Select a track title below to read the class descriptions and listen to the audio recordings.

Grower’s Track (IHS 2017)

Botanical, Macroscopic and Organoleptic Assessment of Herbal Ingredients for cGMP | Steven Yeager

This hands-on workshop will provide a comprehensive orientation of botanical, macroscopic, and organoleptic identification methods, quality assessment techniques and terminology, and demonstrate how these techniques are used to evaluate crude plant parts in a scientifically valid manner. Botanical identification, using classical botany as the basis, is the primary manner in which plant materials are identified.

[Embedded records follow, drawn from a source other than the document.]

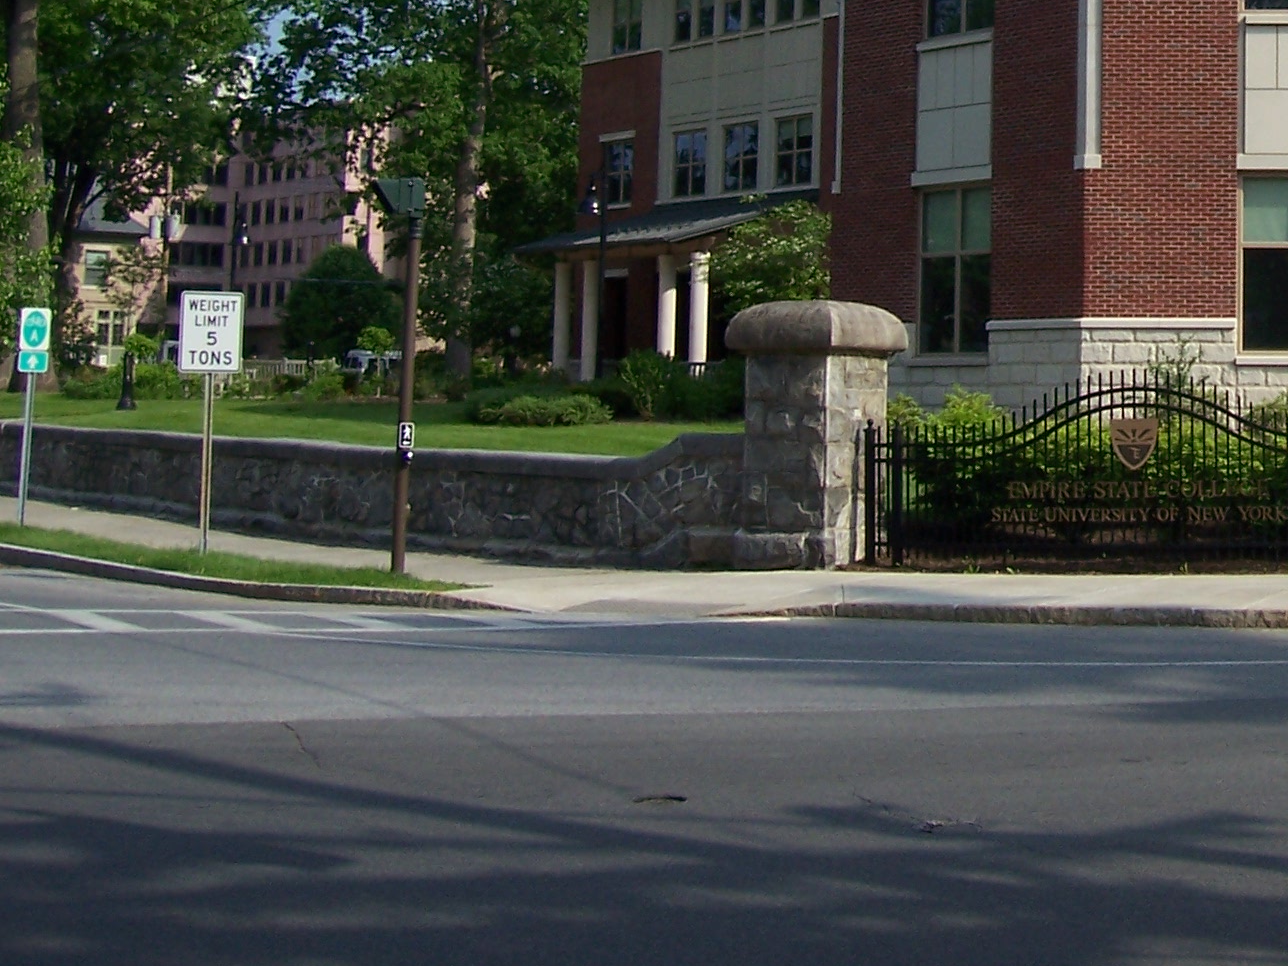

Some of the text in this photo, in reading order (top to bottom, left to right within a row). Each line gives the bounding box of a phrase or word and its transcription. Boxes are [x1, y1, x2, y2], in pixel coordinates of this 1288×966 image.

[189, 299, 238, 312] WEIGHT
[194, 315, 228, 327] LIMIT
[207, 331, 218, 346] 5
[188, 350, 232, 365] TONS
[1006, 480, 1086, 499] EMPIRE
[1093, 480, 1157, 499] STATE
[991, 506, 1039, 523] STATE
[1043, 506, 1150, 523] UNIVERSITY
[1156, 506, 1179, 522] OF
[1187, 506, 1231, 523] NEW

For identification and quality assessment of crude herb materials, macroscopic and organoleptic analysis offers among the most rapid, accurate, cost-effective, and environmentally sound of all the analytical technologies.


Introduction to Wild-Simulated Ginseng Cultivation | Chip Carroll

This session will provide an introduction to production and marketing of wild-simulated ginseng, including the history of ginseng markets, site selection, planting techniques, crop maintenance, harvesting, and marketing. This session will go into the status of wild ginseng and the conservation efforts taking place to ensure its future, as well as why a domestic market can help conserve our most iconic American medicinal plant.


Growing Medicinal Herbs, Wish Upon an Herbal Star | Matt Dybala

This session will provide an introduction to production and marketing of wild-simulated ginseng, including the history of ginseng markets, site selection, planting techniques, crop maintenance, harvesting, and marketing. This session will go into the status of wild ginseng and the conservation efforts taking place to ensure its future, as well as why a domestic market can help conserve our most iconic American medicinal plant.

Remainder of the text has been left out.